▸ **WHAT IS BEING ASKED**
Pictures do not belong in the copy; print every entry exactly as it stands.

[Annotated photo localization data]

=== Begin Enclosure ===

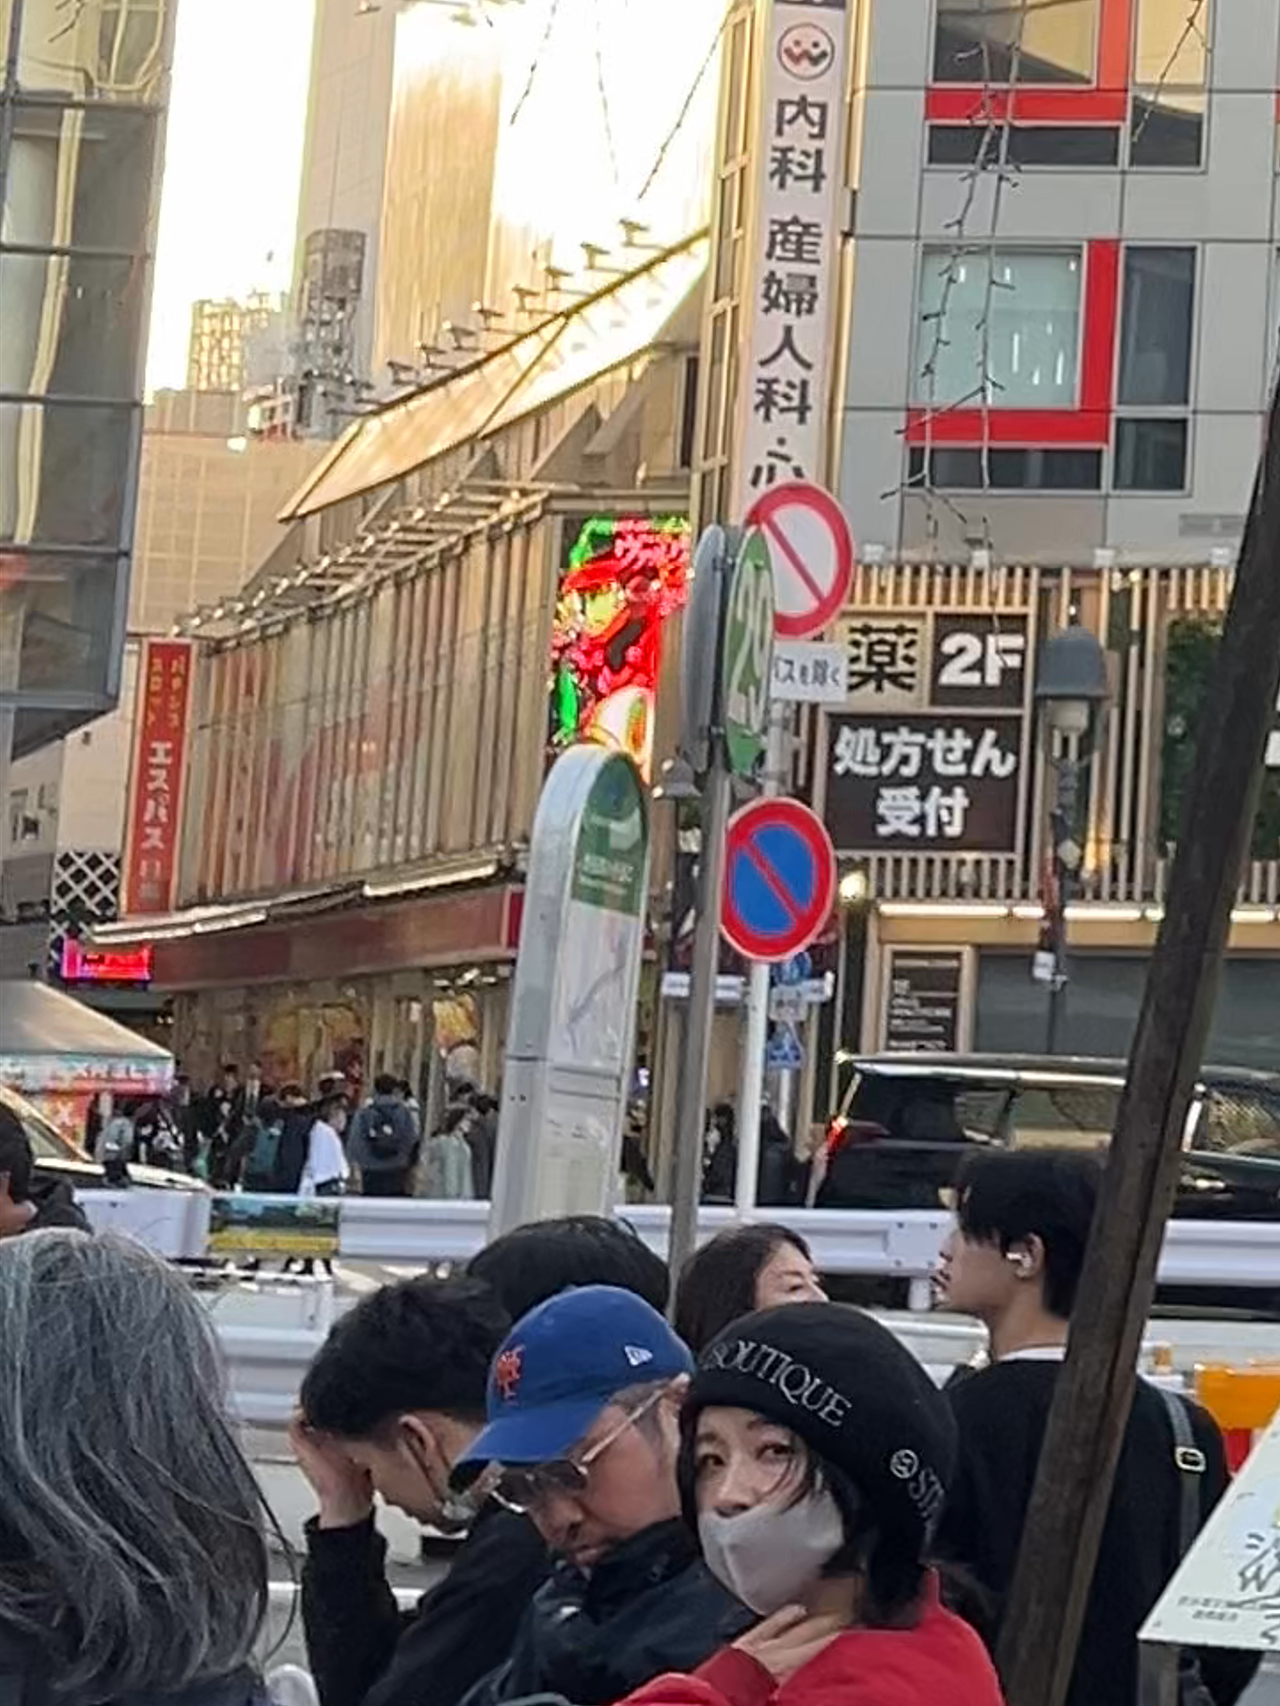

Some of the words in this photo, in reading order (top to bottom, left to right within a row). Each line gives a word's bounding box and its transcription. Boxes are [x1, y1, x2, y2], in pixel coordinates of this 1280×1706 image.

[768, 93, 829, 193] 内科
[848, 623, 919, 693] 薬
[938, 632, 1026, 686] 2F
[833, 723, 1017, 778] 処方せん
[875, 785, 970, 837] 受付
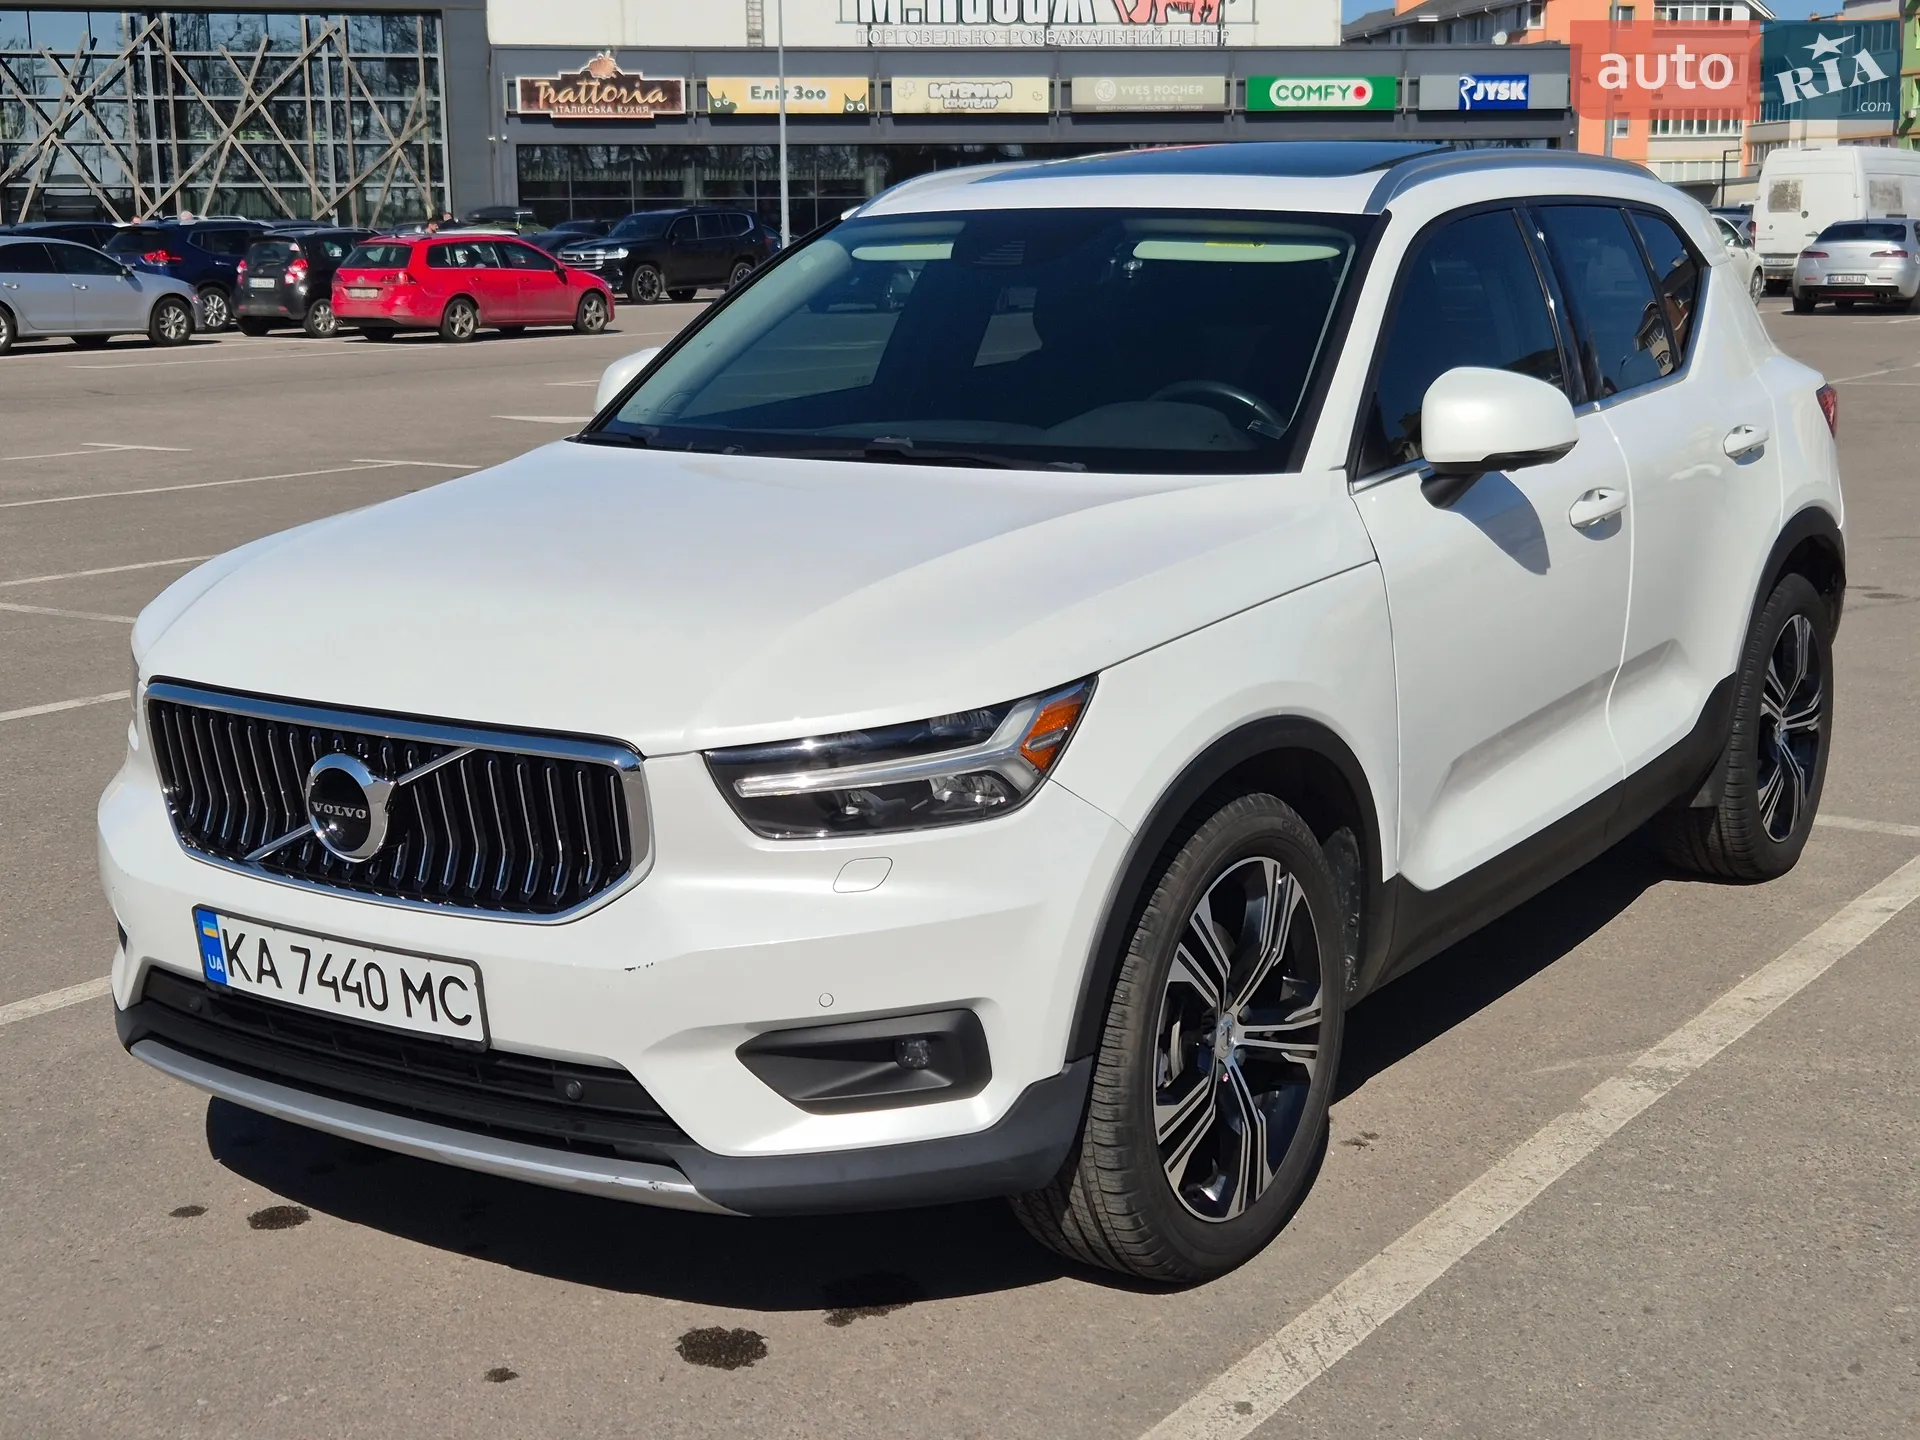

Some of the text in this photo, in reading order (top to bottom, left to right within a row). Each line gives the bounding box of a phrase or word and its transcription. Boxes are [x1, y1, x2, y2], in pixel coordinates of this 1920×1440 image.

=== End Enclosure ===

▸ **FINISHED TASK**
Some of the words in this photo, in reading order (top to bottom, left to right within a row). Each line gives a word's bounding box and its transcription. Boxes are [x1, y1, x2, y2], in pixel coordinates of this 1280×1706 image.

[768, 93, 829, 193] 内科
[848, 623, 919, 693] 薬
[938, 632, 1026, 686] 2F
[833, 723, 1017, 778] 処方せん
[875, 785, 970, 837] 受付

Some of the text in this photo, in reading order (top to bottom, left to right within a row). Each line gives the bounding box of a phrase or word and its transcription. Boxes are [x1, y1, x2, y2], in pixel coordinates of this 1920×1440 image.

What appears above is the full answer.